Students design life-saving incubation station

Photo of Biomedical engineering students Jessica Hernandez (right), Joanna Newton and Jacob Durdel displayimg the incubator they designed and built. The incubator and others will be sent to the Congo in Africa.

Biomedical engineering students Jessica Hernandez (right), Joanna Newton and Jacob Durdel display the incubator they designed and built. The incubator and others will be sent to the Congo in Africa.

By any measure it’s low-tech–with its plastic base and supports, a vinyl tent-like cover and a couple of heating elements. But it’s designed to be just that. And it promises to be life-saving.

The incubator is the senior design project of three Wright State University undergraduate biomedical engineering students. In June, four of the incubators will be transported to the Democratic Republic of the Congo, where they are desperately needed for premature and ill babies.

“We’re actually doing a project that’s going to save lives,” said student Jessica Hernandez of Centerville, Ohio.

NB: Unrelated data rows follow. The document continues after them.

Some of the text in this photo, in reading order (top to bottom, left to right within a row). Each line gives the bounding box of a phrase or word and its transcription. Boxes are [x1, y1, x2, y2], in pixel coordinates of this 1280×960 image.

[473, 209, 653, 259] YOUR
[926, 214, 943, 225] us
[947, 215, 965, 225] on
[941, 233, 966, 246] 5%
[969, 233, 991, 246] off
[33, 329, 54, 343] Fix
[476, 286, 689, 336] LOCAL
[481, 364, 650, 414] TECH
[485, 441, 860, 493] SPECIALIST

The students became interested in designing and building an incubator after Dr. Sylvia Esser-Gleason, coordinator of Project Congo, talked to one of their classes and suggested it. Project Congo is a charity Esser-Gleason, a Wright State graduate, created to raise money for life-saving medical equipment and supplies for the Congo.

The Congo has been devastated by civil war and armed conflicts. Since 1994, more than 6 million people in the central African nation of 71 million have died due to warfare, disease and starvation.

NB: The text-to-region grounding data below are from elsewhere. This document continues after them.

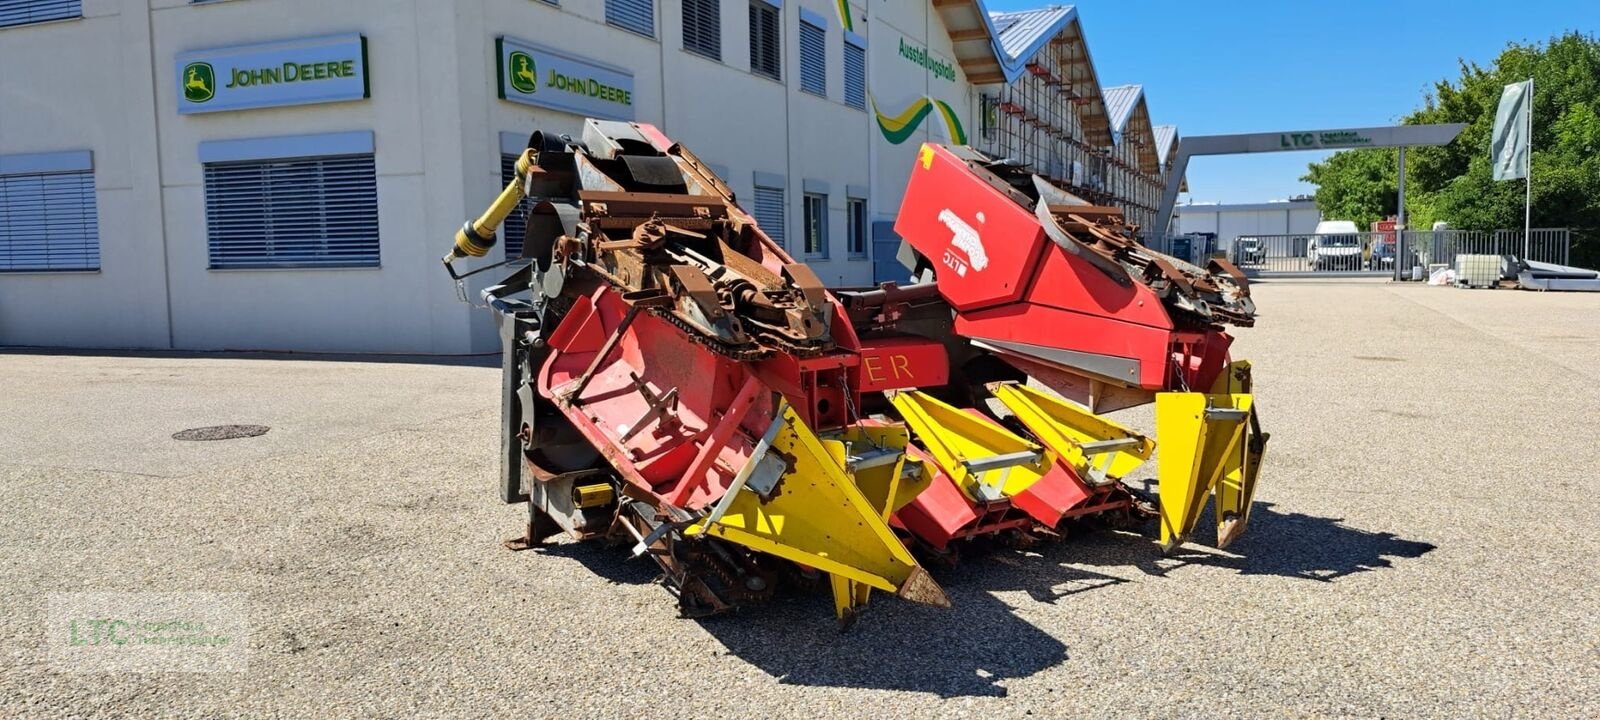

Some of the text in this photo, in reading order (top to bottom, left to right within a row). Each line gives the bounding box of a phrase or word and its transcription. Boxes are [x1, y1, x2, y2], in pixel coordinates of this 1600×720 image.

[898, 36, 956, 82] Ausstellungshalle
[225, 60, 354, 88] JOHN DEERE
[546, 69, 632, 106] JOHN DEERE
[1280, 132, 1314, 148] LTC
[942, 251, 960, 273] LTC

Student Joanna Newton of North Jackson, Ohio, said low-weight births are a common and often fatal problem in developing countries, with one in three infants in the Congo born prematurely or severely underweight. Such infants have trouble regulating their body temperatures and are highly susceptible to infection.

 

The students’ incubators will be sent to the Don Bosco Ngangi Medical Center and the Project Congo hospital in Goma, an area of the Congo ravaged by fighting and filled with refugees.

Esser-Gleason said conventional incubators sent to the Congo from Europe rapidly fall into disuse because of simple problems such as blown fuses. She said a study has shown that 95 percent of all medical equipment sent to Africa ends up non-functional within five years.

“And the high-tech incubators often have features which will not be used, such as cardiac monitoring and oxygen administration,” she said.

Student Jacob Durdel of Fremont, Ohio, said the hospital only has power for 12 hours a day.

“Our main goal was to build an incubator that will regulate temperature, run on battery power for up to 24 hours, is easy to clean, and can be produced locally by Goma craftsmen,” said Newton.

Durdel said the incubator has two heaters—225 watt and 100 watt—capable of producing heat of up to the necessary 96 degrees. A thermostat and temperature probe maintains steady heat. In addition, there is a battery, an inverter and a charger so that the incubator has 24-hour-a-day power.

The incubator is also made with PVC and other materials and components that are accessible and can be easily sanitized, a critical feature with the prevalence of diseases and illnesses in Third World countries.

The incubator is easily disassembled and folds up into a suitcase-like box. The 45-pound package can be handily carried, transported and reassembled, making it ideal for use at other Congo hospitals and refugee camps.

The incubator is also relatively inexpensive to make, costing less than $500. The students intend for workers and suppliers in Goma to begin producing additional incubators, which were also designed with materials that are easy to repair.

“I feel the Wright State design is easier to build with local resources, easier to maintain and troubleshoot, and can run on minimal energy requirements,” said Esser-Gleason. “The plastic tent design is easy to clean and easy to construct with a pedal-type sewing machine and could provide local opportunities for women.”

Hernandez hopes to see the incubator project spread throughout Africa and Third World countries.

“It can make a big difference for countries that really don’t have the means to have expensive incubators,” she said.

The incubator has gotten the students some national attention.

They and their incubator were selected to take part in the National Undergraduate Global Health Technologies Design Competition last March at Rice University in Houston, competing against 23 university teams from schools such as Johns Hopkins, Vanderbilt and Michigan.

“The project truly has the potential to save infant lives,” said Esser-Gleason.